This directory contains most of the ROSE documentation. Both LaTeX and Doxygen
are used to document ROSE.  The source files from which we build the documentation are
located in different directories within the ROSE source tree.  This makes it
easy for developers to update their documentation associated with specific
subprojects within ROSE.

    There are three pieces to the ROSE documentation.
   1) HTML Documentation
         included html version of manual, tutorial, and Doxygen generated 
         documetnation about all the classes within ROSE (or most of them).
   2) ROSE User Manual
         Contains a readable introduction to ROSE and it's mechanisms.
   3) ROSE Tutorial
         Contains lots of examples, with input and outputs from each.

Notes: 
   1) The configure system for ROSE builds the html and latex documentation
      and places them into a ROSE distribution so that the user is not required to
      build any documentation.  
        a) At present the ROSE documentation however contains some explicit paths
           which might not be correct when the user untars the automatically
           packadged documentation.  We will be attempting to fix this in the future,
           it is not presently clear how to fix this, although Markus has suggested
           that we make the explicit paths relative (but relative to what?).

   2) All Latex documentation for ROSE is provided.
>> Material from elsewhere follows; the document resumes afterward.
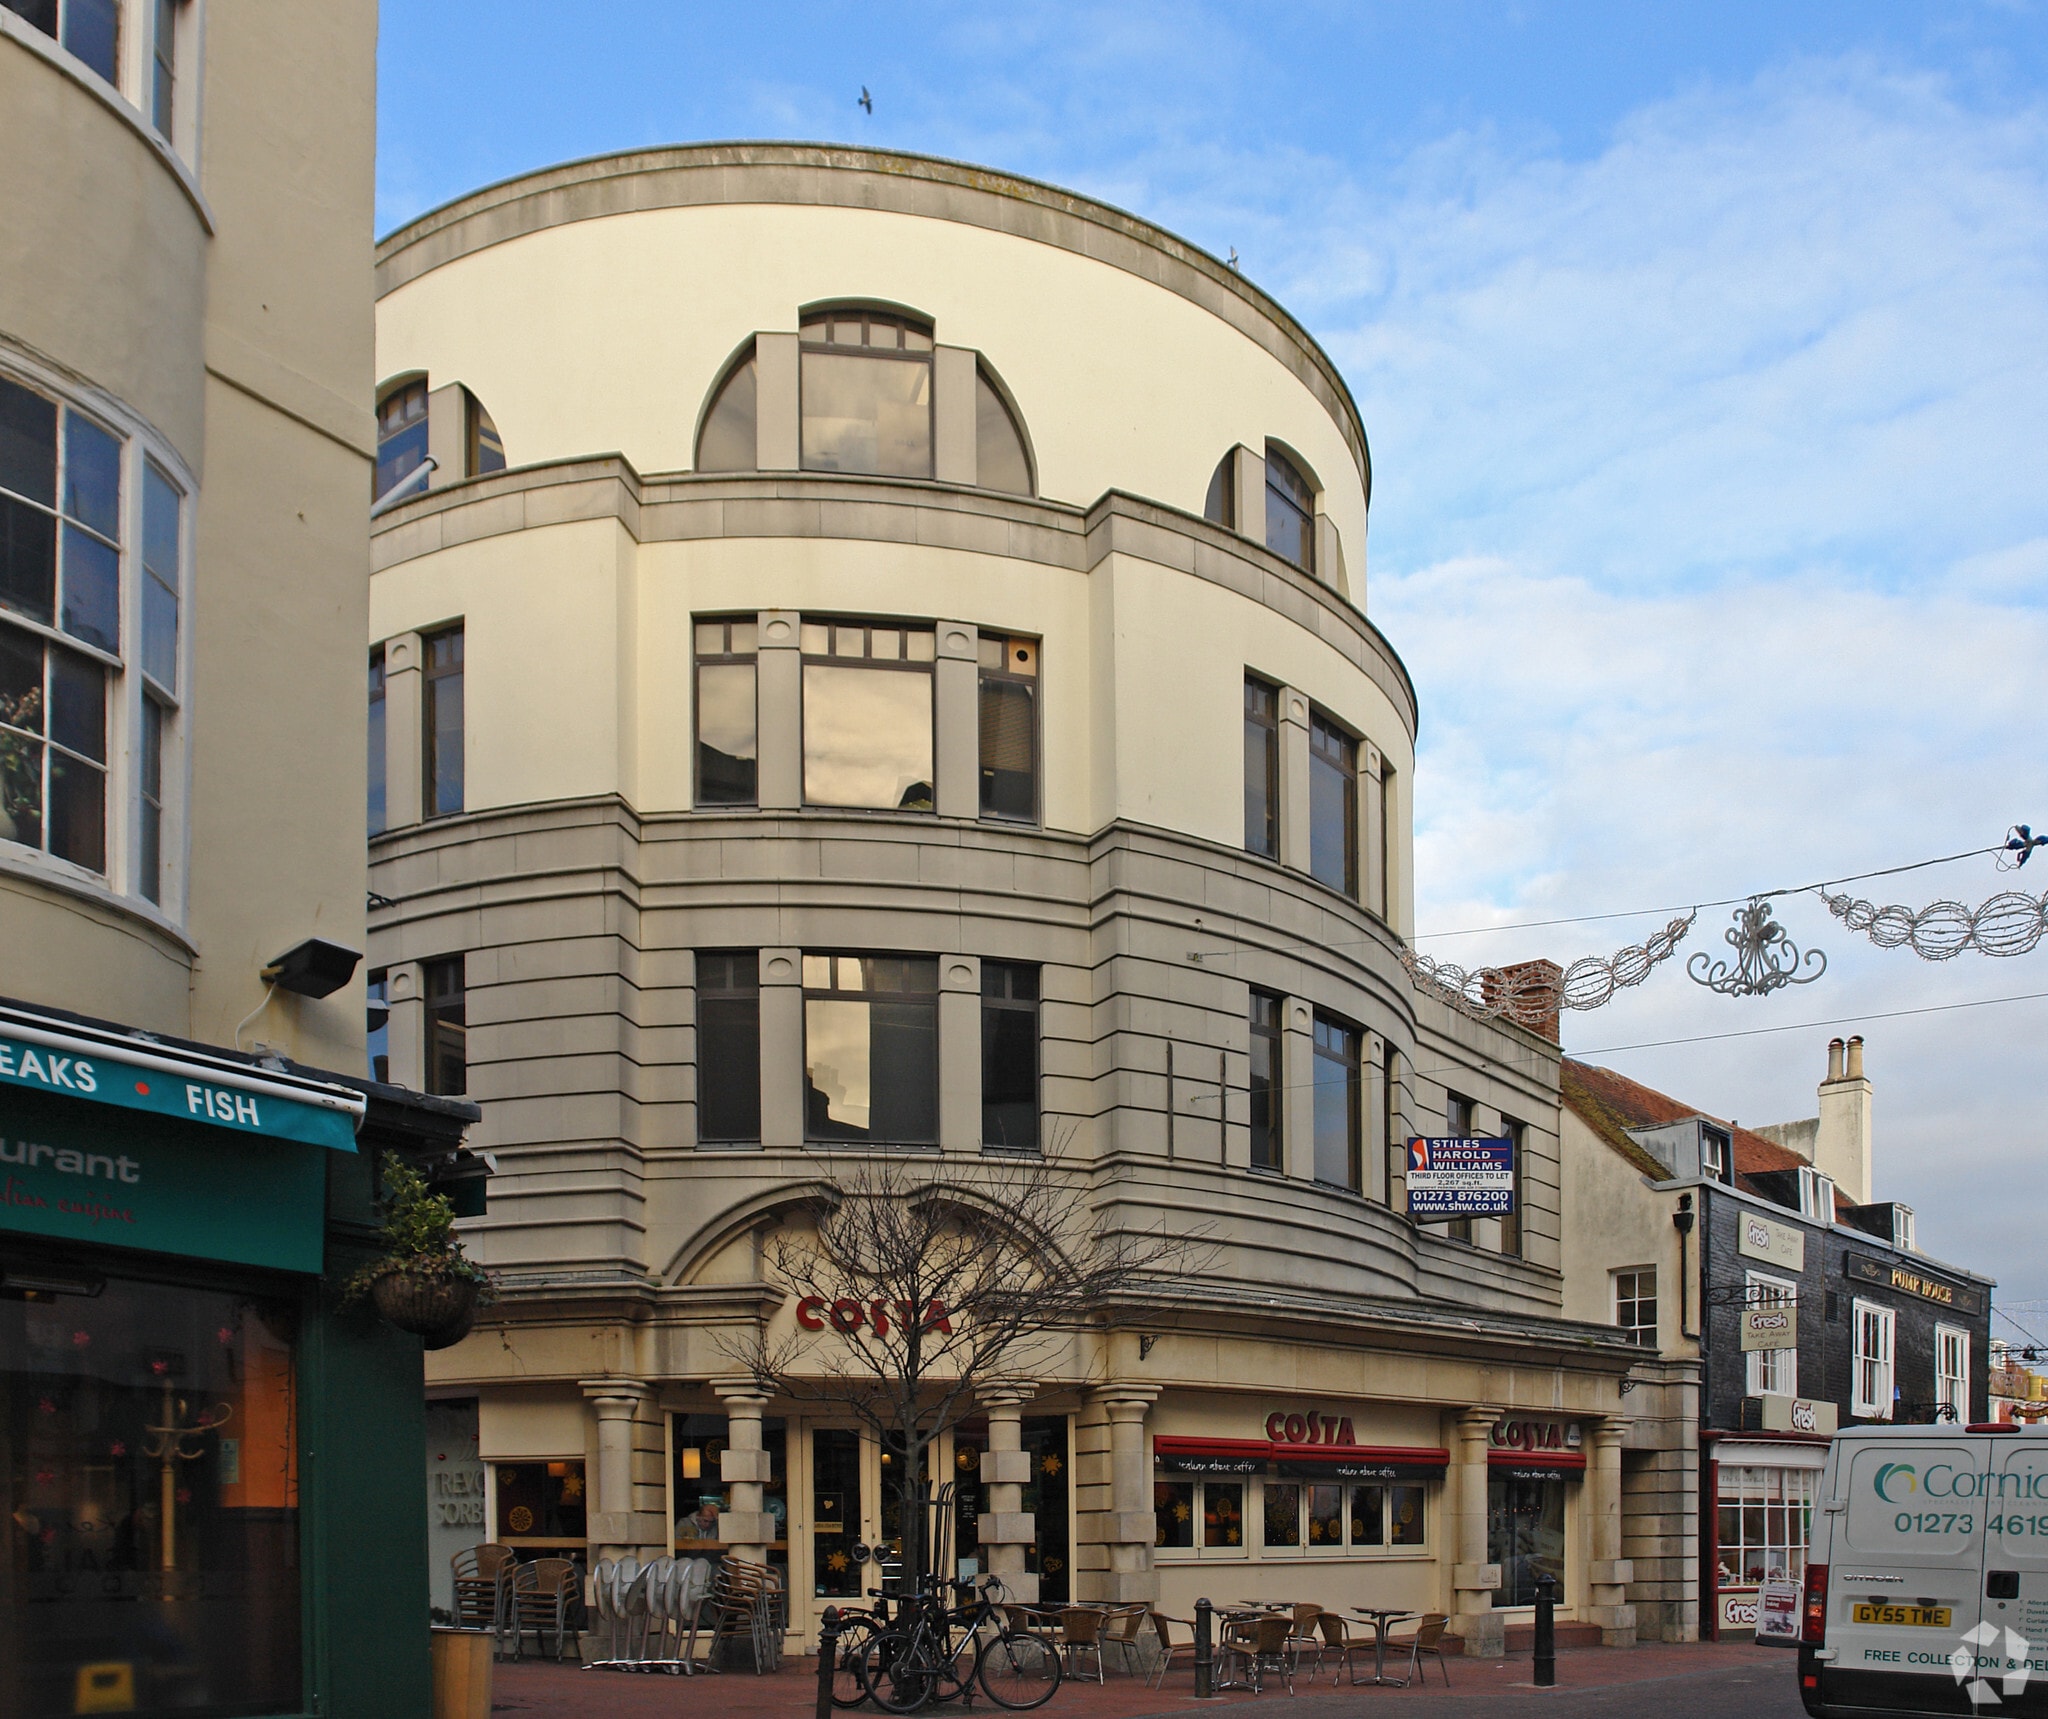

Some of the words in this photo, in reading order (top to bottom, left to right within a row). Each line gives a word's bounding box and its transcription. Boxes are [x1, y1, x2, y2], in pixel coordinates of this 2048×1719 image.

   3) Currently, "make distcheck" will force the documetnation to be built if it is not 
    already built and copied into the Source Tree.  This is the only case of the build process
    modifiying the source tree, but this avoid having the user build the documentation for
    ROSE (which would force a dependence upon latex (setup with extended internal buffer
    sizes) and Doxygen and some other tools (dot, etc.).
  
   4) Be very careful about specifying makefile targets to force the generation of the
    documentation when it is out of date, because this will often force the makefiles
    to build the documentation for the end user (something that his/her environment might
    not support).  Documentation is really only for construction using the development
    version of ROSE, not a formal distribution.  To force the generation of the
    documentation use the Makefile rules specific for this purpose (force-latex-docs, 
    etc.), and not the "make docs" rule.

   5) Setting up the Makefiles to build the documentation is tedious and testing it
    requires running "make distcheck" which can take a long time (this is no fun).

   6) Run "make cleanSource" to clear the distribution saved to the source tree.